> Your objective: Exclude any images and output the remaining records exactly.

====== Records for this exercise

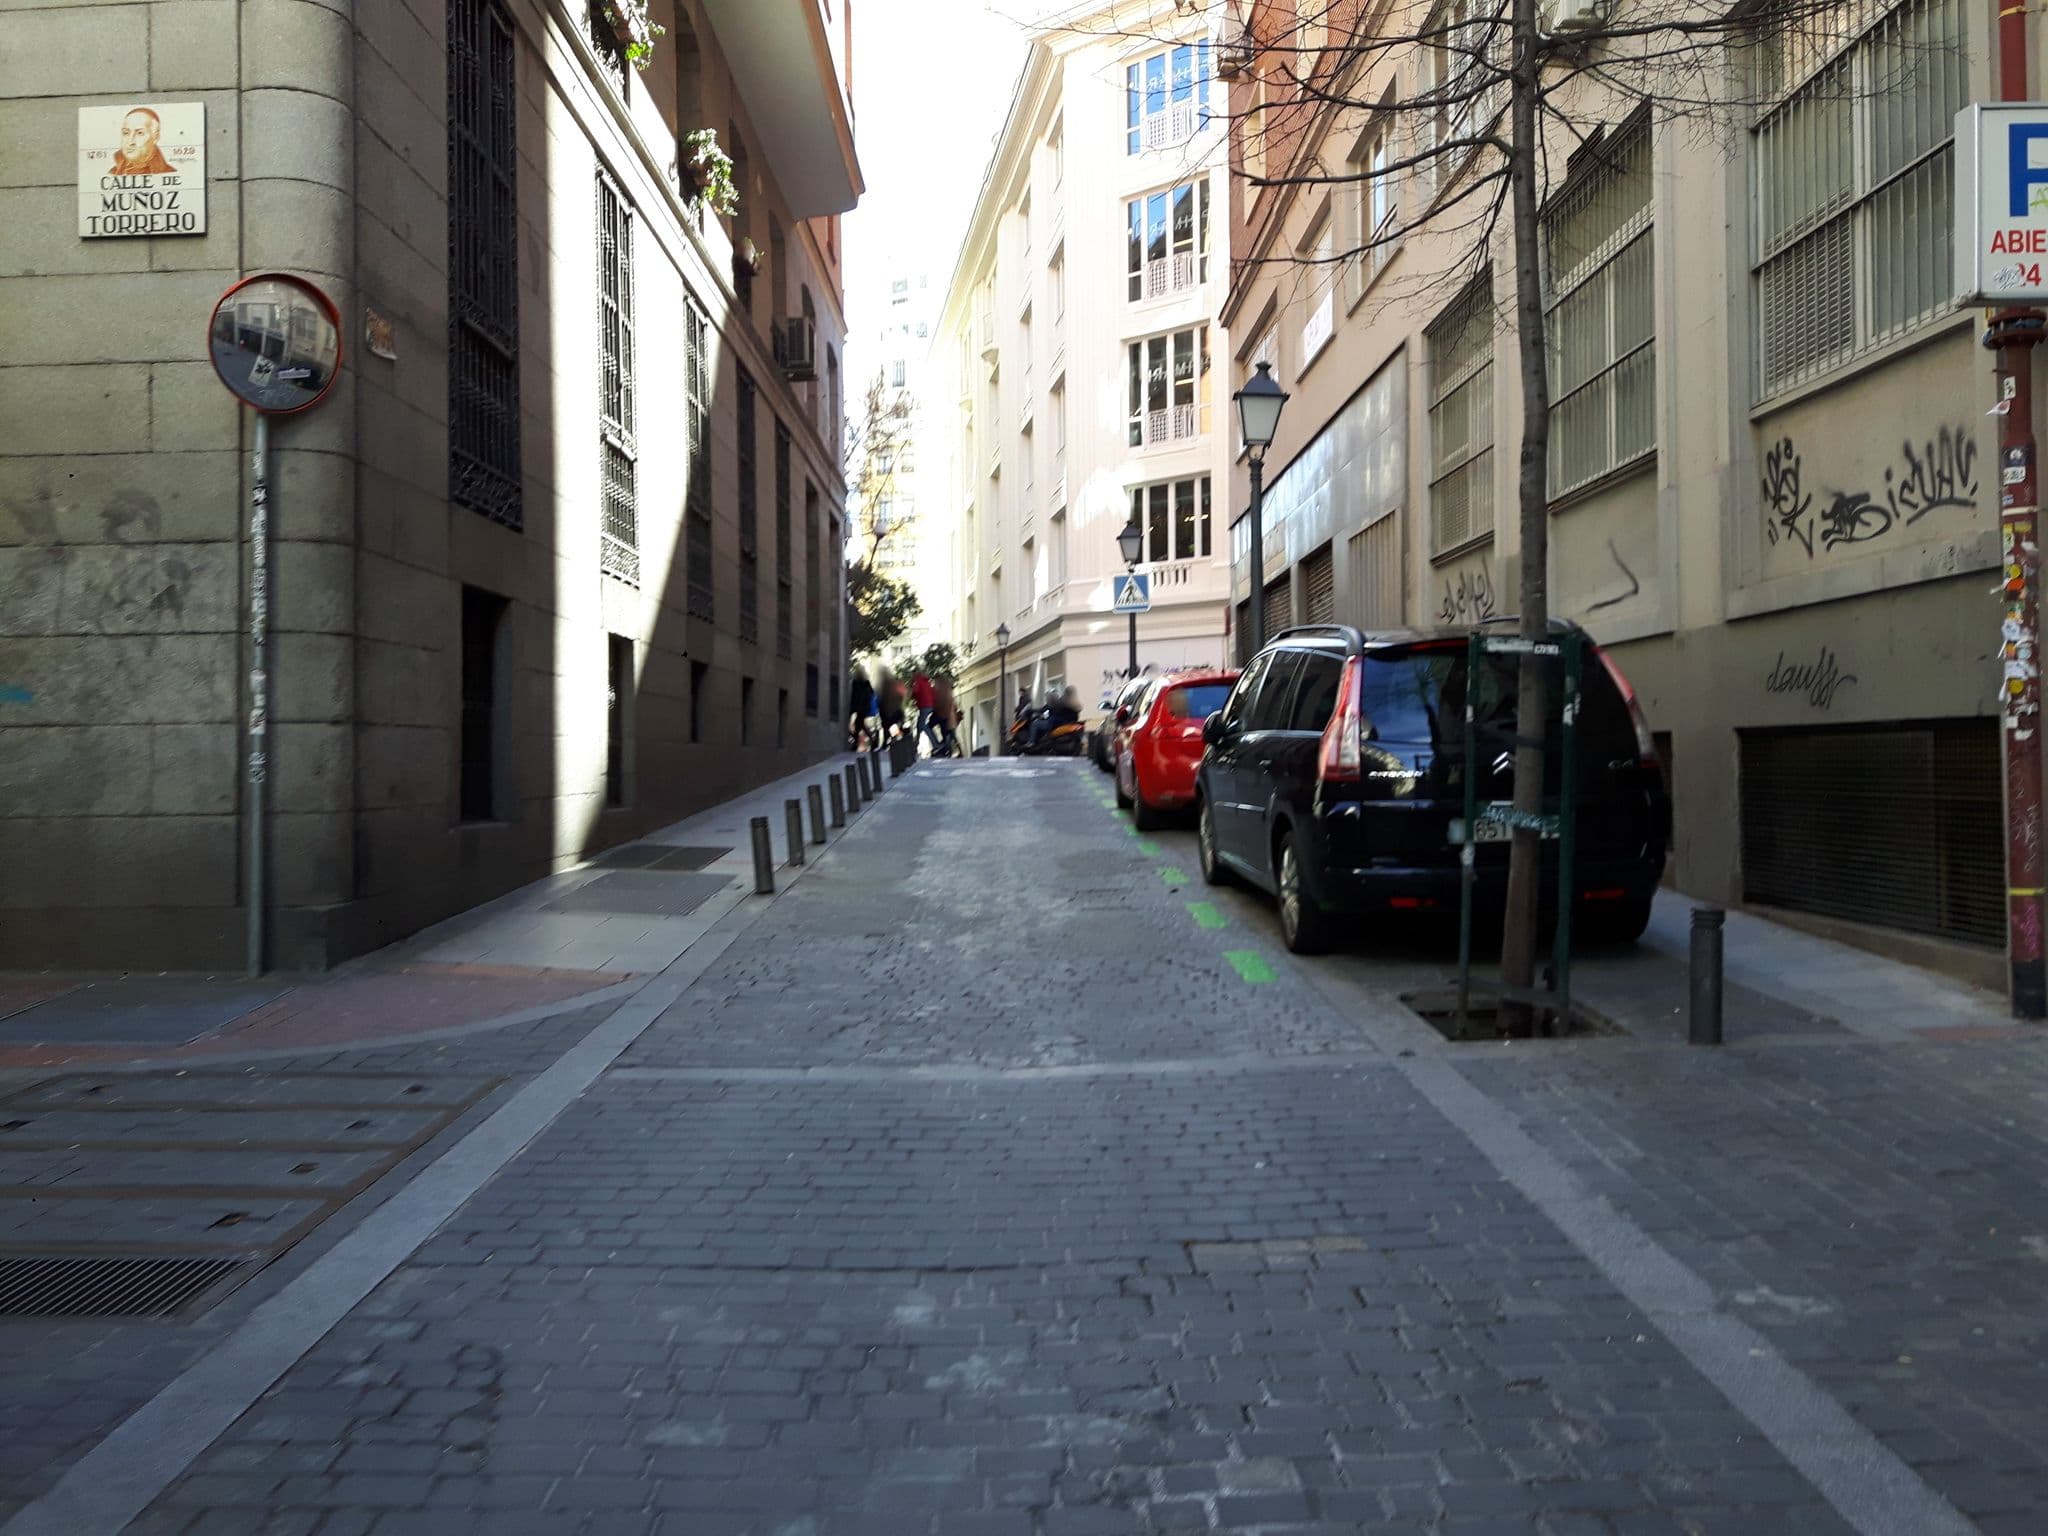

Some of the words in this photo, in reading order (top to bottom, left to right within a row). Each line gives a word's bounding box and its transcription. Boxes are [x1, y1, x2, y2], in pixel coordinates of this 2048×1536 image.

[100, 174, 155, 191] CALLE
[162, 175, 182, 187] DE
[100, 190, 181, 213] MUÑOZ
[86, 211, 196, 235] TORRERO
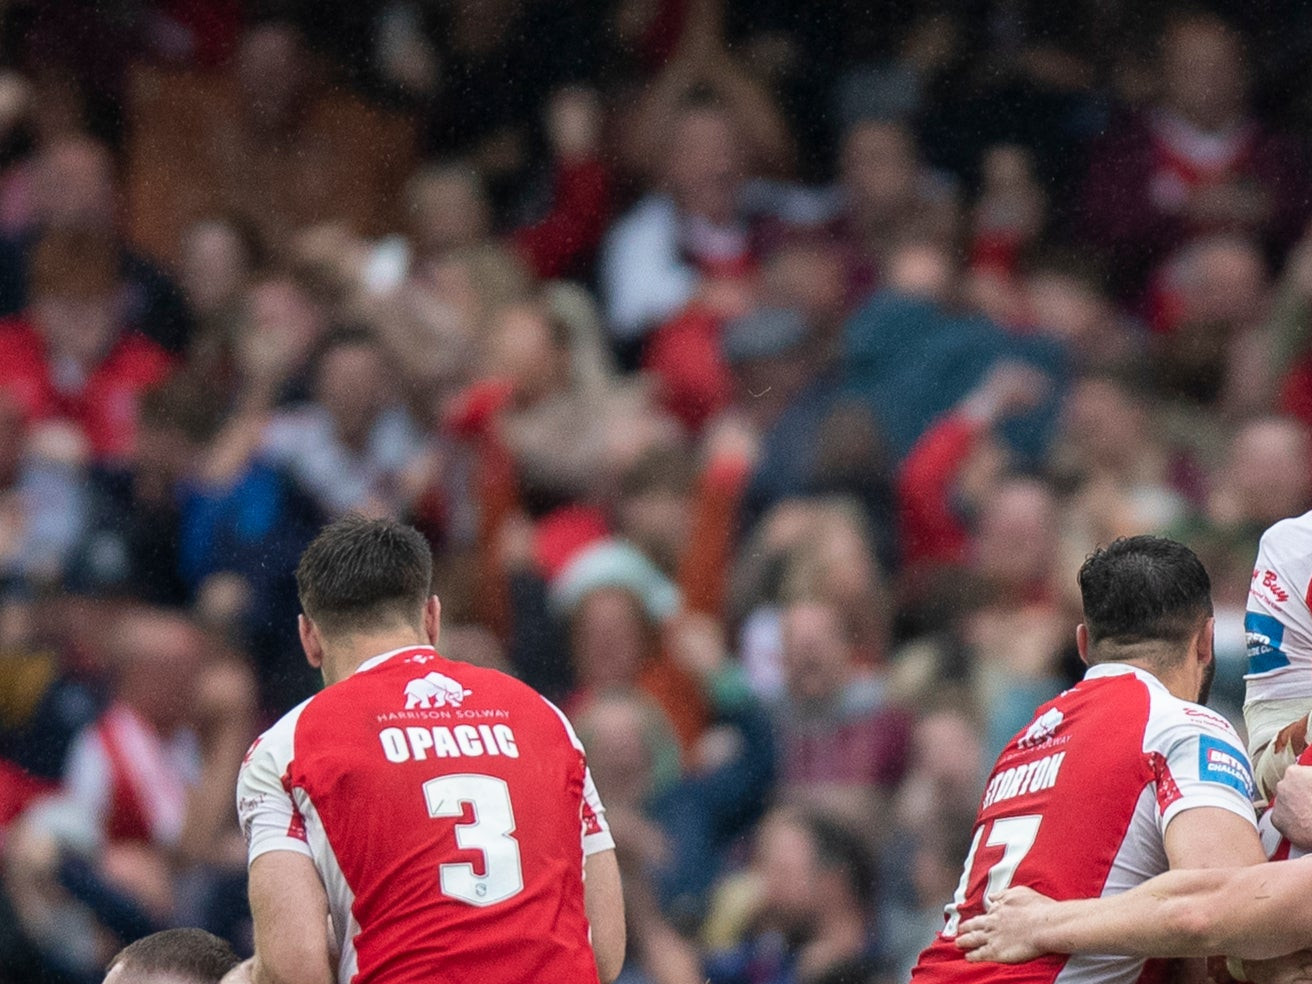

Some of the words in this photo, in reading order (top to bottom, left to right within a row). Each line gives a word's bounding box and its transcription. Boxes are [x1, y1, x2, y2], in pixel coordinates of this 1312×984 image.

[377, 711, 451, 722] HARRISON
[456, 709, 510, 719] SOLWAY
[379, 724, 520, 763] OPACIC
[422, 774, 524, 908] 3
[942, 814, 1043, 937] 17

============

> Exercise result:
Some of the words in this photo, in reading order (top to bottom, left to right within a row). Each line gives a word's bounding box and its transcription. Boxes are [x1, y1, x2, y2], in pixel coordinates of this 2048×1536 image.

[100, 174, 155, 191] CALLE
[162, 175, 182, 187] DE
[100, 190, 181, 213] MUÑOZ
[86, 211, 196, 235] TORRERO

Some of the words in this photo, in reading order (top to bottom, left to right within a row). Each line gives a word's bounding box and its transcription. Boxes are [x1, y1, x2, y2], in pixel coordinates of this 1312×984 image.

[377, 711, 451, 722] HARRISON
[456, 709, 510, 719] SOLWAY
[379, 724, 520, 763] OPACIC
[422, 774, 524, 908] 3
[942, 814, 1043, 937] 17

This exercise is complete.